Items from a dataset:
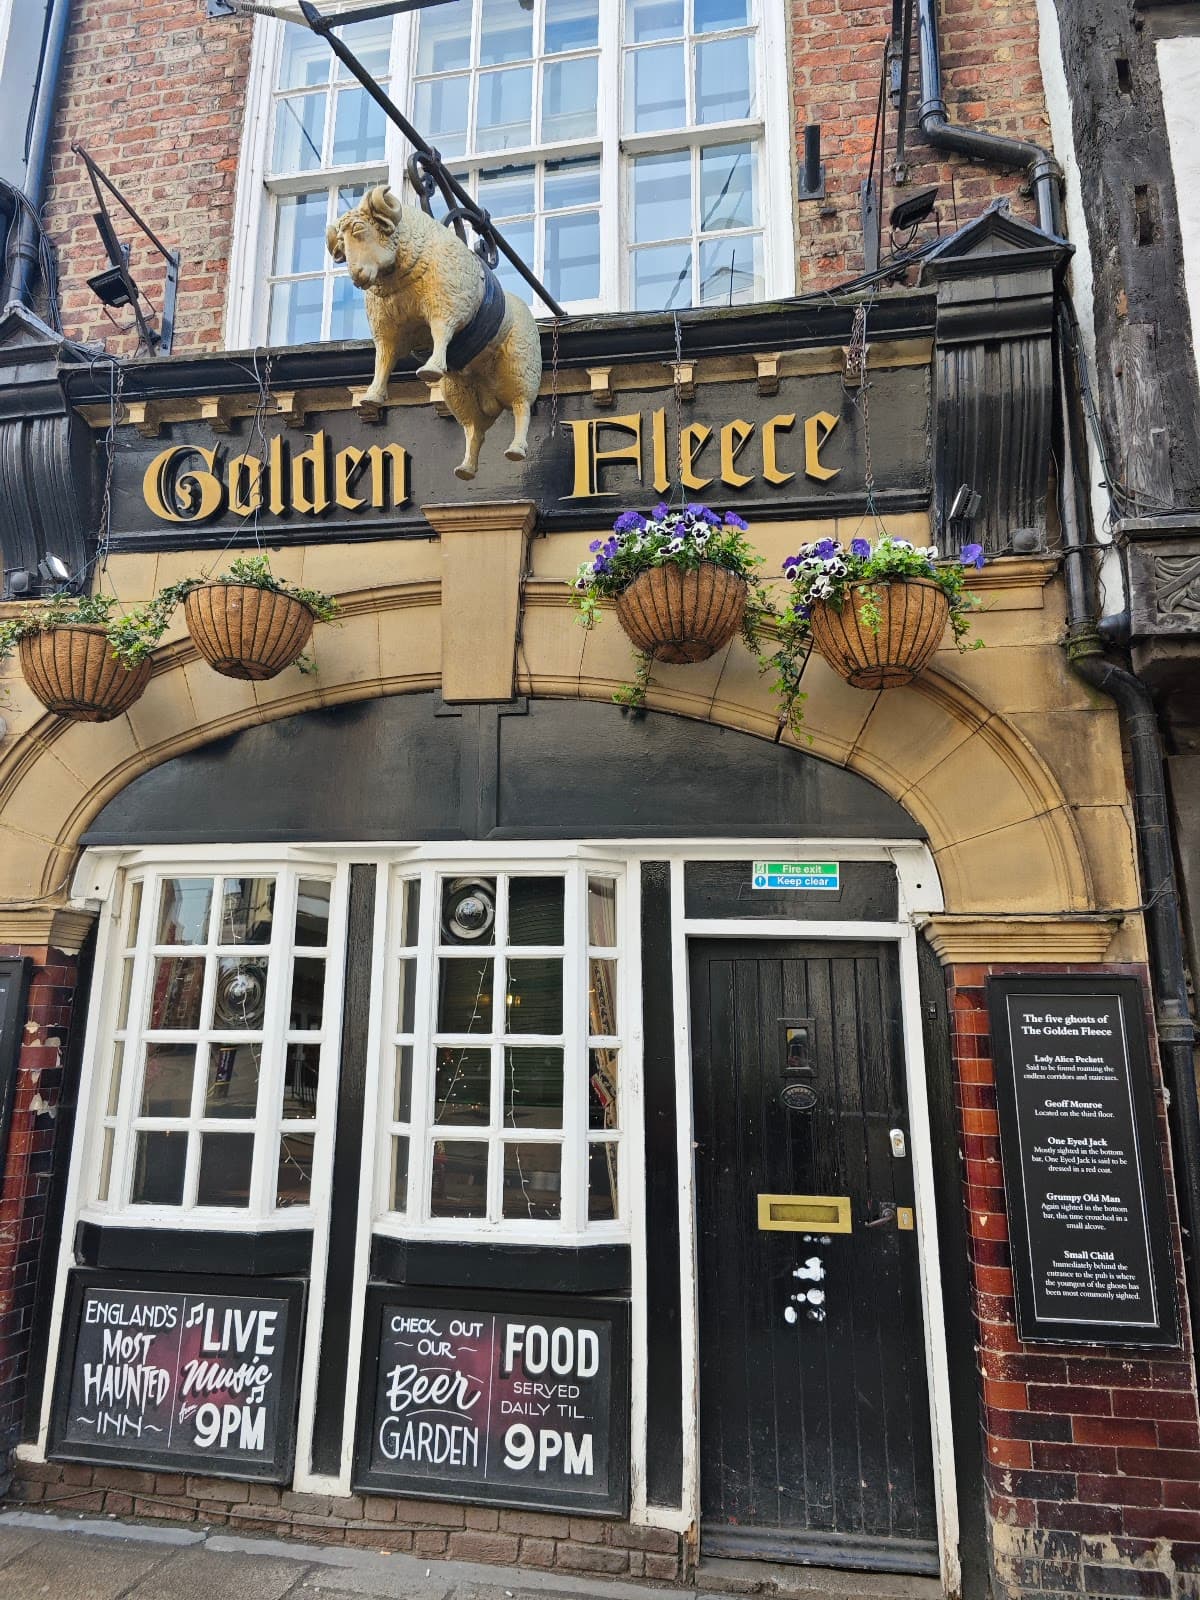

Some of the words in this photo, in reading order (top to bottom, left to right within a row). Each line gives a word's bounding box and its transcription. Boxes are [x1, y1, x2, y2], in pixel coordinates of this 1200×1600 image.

[143, 428, 409, 522] Golden
[558, 406, 842, 501] Fleece
[782, 865, 801, 873] Fire
[803, 865, 822, 873] exit
[777, 876, 802, 887] Keep
[805, 877, 829, 886] clear
[1023, 1014, 1043, 1023] The
[1045, 1014, 1063, 1023] five
[1065, 1015, 1096, 1025] ghosts
[1097, 1015, 1109, 1024] of
[1021, 1026, 1041, 1035] The
[1043, 1026, 1079, 1035] Golden
[1080, 1027, 1112, 1035] Fleece
[1033, 1055, 1054, 1064] Lady
[1076, 1065, 1103, 1073] roaming
[1045, 1100, 1069, 1108] Geoff
[1070, 1100, 1103, 1109] Monroe
[1035, 1109, 1059, 1117] Located
[1048, 1137, 1065, 1145] One
[1067, 1137, 1088, 1147] Eyed
[1089, 1138, 1108, 1147] Jack
[1057, 1147, 1080, 1155] sighted
[1060, 1156, 1075, 1165] Eyed
[1076, 1157, 1091, 1165] Jack
[1046, 1192, 1081, 1203] Grumpy
[1083, 1193, 1099, 1202] Old
[1100, 1194, 1121, 1203] Man
[1041, 1203, 1059, 1211] Again
[1060, 1203, 1083, 1212] sighted
[1092, 1204, 1103, 1212] the
[1104, 1205, 1128, 1213] bottom
[1056, 1212, 1068, 1220] this
[1066, 1222, 1084, 1230] small
[1084, 1222, 1107, 1230] alcove.
[1064, 1250, 1089, 1259] Small
[1090, 1251, 1114, 1260] Child
[1052, 1260, 1092, 1270] Immediately
[1093, 1262, 1116, 1270] behind
[1117, 1263, 1128, 1271] the
[1094, 1272, 1108, 1280] pub
[1095, 1281, 1106, 1289] the
[1106, 1282, 1127, 1290] ghosts
[1080, 1291, 1114, 1299] commonly
[1115, 1292, 1140, 1300] sighted.
[85, 1300, 178, 1328] ENGLAND'S
[203, 1308, 278, 1355] LIVE
[391, 1316, 442, 1336] CHECK
[449, 1320, 484, 1337] OUT
[418, 1339, 456, 1358] OUR
[505, 1323, 598, 1377] FOOD
[181, 1356, 273, 1396] Music
[83, 1363, 170, 1415] HAUNTED
[386, 1364, 482, 1412] Beer
[513, 1382, 580, 1399] SERVED
[501, 1400, 550, 1416] DAILY
[193, 1402, 266, 1450] 9PM
[380, 1416, 479, 1467] GARDEN
[504, 1423, 594, 1476] 9PM

● Task brief
Retype each entry above character for character; pictures stay out.

● Result for this task
Some of the words in this photo, in reading order (top to bottom, left to right within a row). Each line gives a word's bounding box and its transcription. Boxes are [x1, y1, x2, y2], in pixel coordinates of this 1200×1600 image.

[143, 428, 409, 522] Golden
[558, 406, 842, 501] Fleece
[782, 865, 801, 873] Fire
[803, 865, 822, 873] exit
[777, 876, 802, 887] Keep
[805, 877, 829, 886] clear
[1023, 1014, 1043, 1023] The
[1045, 1014, 1063, 1023] five
[1065, 1015, 1096, 1025] ghosts
[1097, 1015, 1109, 1024] of
[1021, 1026, 1041, 1035] The
[1043, 1026, 1079, 1035] Golden
[1080, 1027, 1112, 1035] Fleece
[1033, 1055, 1054, 1064] Lady
[1076, 1065, 1103, 1073] roaming
[1045, 1100, 1069, 1108] Geoff
[1070, 1100, 1103, 1109] Monroe
[1035, 1109, 1059, 1117] Located
[1048, 1137, 1065, 1145] One
[1067, 1137, 1088, 1147] Eyed
[1089, 1138, 1108, 1147] Jack
[1057, 1147, 1080, 1155] sighted
[1060, 1156, 1075, 1165] Eyed
[1076, 1157, 1091, 1165] Jack
[1046, 1192, 1081, 1203] Grumpy
[1083, 1193, 1099, 1202] Old
[1100, 1194, 1121, 1203] Man
[1041, 1203, 1059, 1211] Again
[1060, 1203, 1083, 1212] sighted
[1092, 1204, 1103, 1212] the
[1104, 1205, 1128, 1213] bottom
[1056, 1212, 1068, 1220] this
[1066, 1222, 1084, 1230] small
[1084, 1222, 1107, 1230] alcove.
[1064, 1250, 1089, 1259] Small
[1090, 1251, 1114, 1260] Child
[1052, 1260, 1092, 1270] Immediately
[1093, 1262, 1116, 1270] behind
[1117, 1263, 1128, 1271] the
[1094, 1272, 1108, 1280] pub
[1095, 1281, 1106, 1289] the
[1106, 1282, 1127, 1290] ghosts
[1080, 1291, 1114, 1299] commonly
[1115, 1292, 1140, 1300] sighted.
[85, 1300, 178, 1328] ENGLAND'S
[203, 1308, 278, 1355] LIVE
[391, 1316, 442, 1336] CHECK
[449, 1320, 484, 1337] OUT
[418, 1339, 456, 1358] OUR
[505, 1323, 598, 1377] FOOD
[181, 1356, 273, 1396] Music
[83, 1363, 170, 1415] HAUNTED
[386, 1364, 482, 1412] Beer
[513, 1382, 580, 1399] SERVED
[501, 1400, 550, 1416] DAILY
[193, 1402, 266, 1450] 9PM
[380, 1416, 479, 1467] GARDEN
[504, 1423, 594, 1476] 9PM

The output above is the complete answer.